EXERCISE BRIEF: Copy every line below precisely as it appears.

----------

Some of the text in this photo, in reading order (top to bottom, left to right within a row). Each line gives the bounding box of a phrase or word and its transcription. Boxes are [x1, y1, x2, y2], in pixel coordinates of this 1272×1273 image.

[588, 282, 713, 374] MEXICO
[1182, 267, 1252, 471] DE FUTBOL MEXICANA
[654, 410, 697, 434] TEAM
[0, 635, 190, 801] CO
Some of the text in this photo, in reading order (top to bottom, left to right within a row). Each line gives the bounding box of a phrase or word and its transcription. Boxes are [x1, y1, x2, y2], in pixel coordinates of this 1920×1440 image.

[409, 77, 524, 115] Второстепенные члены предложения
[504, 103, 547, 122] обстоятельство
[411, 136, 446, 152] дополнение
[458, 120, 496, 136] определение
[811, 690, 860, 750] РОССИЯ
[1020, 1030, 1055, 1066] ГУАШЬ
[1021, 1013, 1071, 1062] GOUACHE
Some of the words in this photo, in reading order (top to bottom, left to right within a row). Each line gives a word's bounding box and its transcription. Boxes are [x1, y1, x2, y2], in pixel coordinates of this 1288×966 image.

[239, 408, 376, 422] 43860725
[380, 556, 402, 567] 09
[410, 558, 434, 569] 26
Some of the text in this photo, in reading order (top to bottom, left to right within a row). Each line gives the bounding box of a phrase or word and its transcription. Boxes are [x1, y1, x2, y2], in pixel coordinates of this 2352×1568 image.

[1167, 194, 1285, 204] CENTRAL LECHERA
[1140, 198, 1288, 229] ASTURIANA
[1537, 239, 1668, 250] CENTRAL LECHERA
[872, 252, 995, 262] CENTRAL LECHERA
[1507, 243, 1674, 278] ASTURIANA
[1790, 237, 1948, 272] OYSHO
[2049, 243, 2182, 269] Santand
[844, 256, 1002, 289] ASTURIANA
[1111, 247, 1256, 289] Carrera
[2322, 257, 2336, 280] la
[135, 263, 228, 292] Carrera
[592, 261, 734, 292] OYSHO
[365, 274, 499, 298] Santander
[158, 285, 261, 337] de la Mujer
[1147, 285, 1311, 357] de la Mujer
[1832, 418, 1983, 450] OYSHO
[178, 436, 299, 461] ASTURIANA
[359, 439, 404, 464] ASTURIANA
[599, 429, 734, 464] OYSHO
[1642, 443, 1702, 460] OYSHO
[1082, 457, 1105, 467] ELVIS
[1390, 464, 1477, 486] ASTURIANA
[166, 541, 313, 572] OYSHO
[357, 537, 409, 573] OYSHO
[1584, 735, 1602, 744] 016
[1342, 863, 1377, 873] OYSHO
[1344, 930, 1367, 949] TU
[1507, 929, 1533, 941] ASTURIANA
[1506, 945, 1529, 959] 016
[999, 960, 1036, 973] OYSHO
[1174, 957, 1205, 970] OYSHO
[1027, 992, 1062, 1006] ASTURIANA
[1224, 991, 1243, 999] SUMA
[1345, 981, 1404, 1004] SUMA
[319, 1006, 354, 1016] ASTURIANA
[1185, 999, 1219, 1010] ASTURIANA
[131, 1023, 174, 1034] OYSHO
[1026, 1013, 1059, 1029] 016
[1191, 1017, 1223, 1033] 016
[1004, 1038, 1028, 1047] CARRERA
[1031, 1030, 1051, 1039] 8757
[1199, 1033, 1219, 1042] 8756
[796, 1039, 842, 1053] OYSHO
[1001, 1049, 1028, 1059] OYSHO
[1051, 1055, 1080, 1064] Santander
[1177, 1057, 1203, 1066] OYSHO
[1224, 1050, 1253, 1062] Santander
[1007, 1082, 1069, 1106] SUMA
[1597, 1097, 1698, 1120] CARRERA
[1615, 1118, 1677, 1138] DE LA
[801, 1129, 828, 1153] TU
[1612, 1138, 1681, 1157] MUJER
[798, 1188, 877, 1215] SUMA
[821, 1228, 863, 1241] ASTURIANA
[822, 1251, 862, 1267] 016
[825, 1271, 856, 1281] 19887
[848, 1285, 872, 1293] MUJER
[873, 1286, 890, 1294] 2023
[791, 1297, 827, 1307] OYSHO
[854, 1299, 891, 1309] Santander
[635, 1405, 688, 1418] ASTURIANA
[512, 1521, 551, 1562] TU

----------

REPLY:
Some of the text in this photo, in reading order (top to bottom, left to right within a row). Each line gives the bounding box of a phrase or word and its transcription. Boxes are [x1, y1, x2, y2], in pixel coordinates of this 1272×1273 image.

[588, 282, 713, 374] MEXICO
[1182, 267, 1252, 471] DE FUTBOL MEXICANA
[654, 410, 697, 434] TEAM
[0, 635, 190, 801] CO
Some of the text in this photo, in reading order (top to bottom, left to right within a row). Each line gives the bounding box of a phrase or word and its transcription. Boxes are [x1, y1, x2, y2], in pixel coordinates of this 1920×1440 image.

[409, 77, 524, 115] Второстепенные члены предложения
[504, 103, 547, 122] обстоятельство
[411, 136, 446, 152] дополнение
[458, 120, 496, 136] определение
[811, 690, 860, 750] РОССИЯ
[1020, 1030, 1055, 1066] ГУАШЬ
[1021, 1013, 1071, 1062] GOUACHE
Some of the words in this photo, in reading order (top to bottom, left to right within a row). Each line gives a word's bounding box and its transcription. Boxes are [x1, y1, x2, y2], in pixel coordinates of this 1288×966 image.

[239, 408, 376, 422] 43860725
[380, 556, 402, 567] 09
[410, 558, 434, 569] 26
Some of the text in this photo, in reading order (top to bottom, left to right within a row). Each line gives the bounding box of a phrase or word and its transcription. Boxes are [x1, y1, x2, y2], in pixel coordinates of this 2352×1568 image.

[1167, 194, 1285, 204] CENTRAL LECHERA
[1140, 198, 1288, 229] ASTURIANA
[1537, 239, 1668, 250] CENTRAL LECHERA
[872, 252, 995, 262] CENTRAL LECHERA
[1507, 243, 1674, 278] ASTURIANA
[1790, 237, 1948, 272] OYSHO
[2049, 243, 2182, 269] Santand
[844, 256, 1002, 289] ASTURIANA
[1111, 247, 1256, 289] Carrera
[2322, 257, 2336, 280] la
[135, 263, 228, 292] Carrera
[592, 261, 734, 292] OYSHO
[365, 274, 499, 298] Santander
[158, 285, 261, 337] de la Mujer
[1147, 285, 1311, 357] de la Mujer
[1832, 418, 1983, 450] OYSHO
[178, 436, 299, 461] ASTURIANA
[359, 439, 404, 464] ASTURIANA
[599, 429, 734, 464] OYSHO
[1642, 443, 1702, 460] OYSHO
[1082, 457, 1105, 467] ELVIS
[1390, 464, 1477, 486] ASTURIANA
[166, 541, 313, 572] OYSHO
[357, 537, 409, 573] OYSHO
[1584, 735, 1602, 744] 016
[1342, 863, 1377, 873] OYSHO
[1344, 930, 1367, 949] TU
[1507, 929, 1533, 941] ASTURIANA
[1506, 945, 1529, 959] 016
[999, 960, 1036, 973] OYSHO
[1174, 957, 1205, 970] OYSHO
[1027, 992, 1062, 1006] ASTURIANA
[1224, 991, 1243, 999] SUMA
[1345, 981, 1404, 1004] SUMA
[319, 1006, 354, 1016] ASTURIANA
[1185, 999, 1219, 1010] ASTURIANA
[131, 1023, 174, 1034] OYSHO
[1026, 1013, 1059, 1029] 016
[1191, 1017, 1223, 1033] 016
[1004, 1038, 1028, 1047] CARRERA
[1031, 1030, 1051, 1039] 8757
[1199, 1033, 1219, 1042] 8756
[796, 1039, 842, 1053] OYSHO
[1001, 1049, 1028, 1059] OYSHO
[1051, 1055, 1080, 1064] Santander
[1177, 1057, 1203, 1066] OYSHO
[1224, 1050, 1253, 1062] Santander
[1007, 1082, 1069, 1106] SUMA
[1597, 1097, 1698, 1120] CARRERA
[1615, 1118, 1677, 1138] DE LA
[801, 1129, 828, 1153] TU
[1612, 1138, 1681, 1157] MUJER
[798, 1188, 877, 1215] SUMA
[821, 1228, 863, 1241] ASTURIANA
[822, 1251, 862, 1267] 016
[825, 1271, 856, 1281] 19887
[848, 1285, 872, 1293] MUJER
[873, 1286, 890, 1294] 2023
[791, 1297, 827, 1307] OYSHO
[854, 1299, 891, 1309] Santander
[635, 1405, 688, 1418] ASTURIANA
[512, 1521, 551, 1562] TU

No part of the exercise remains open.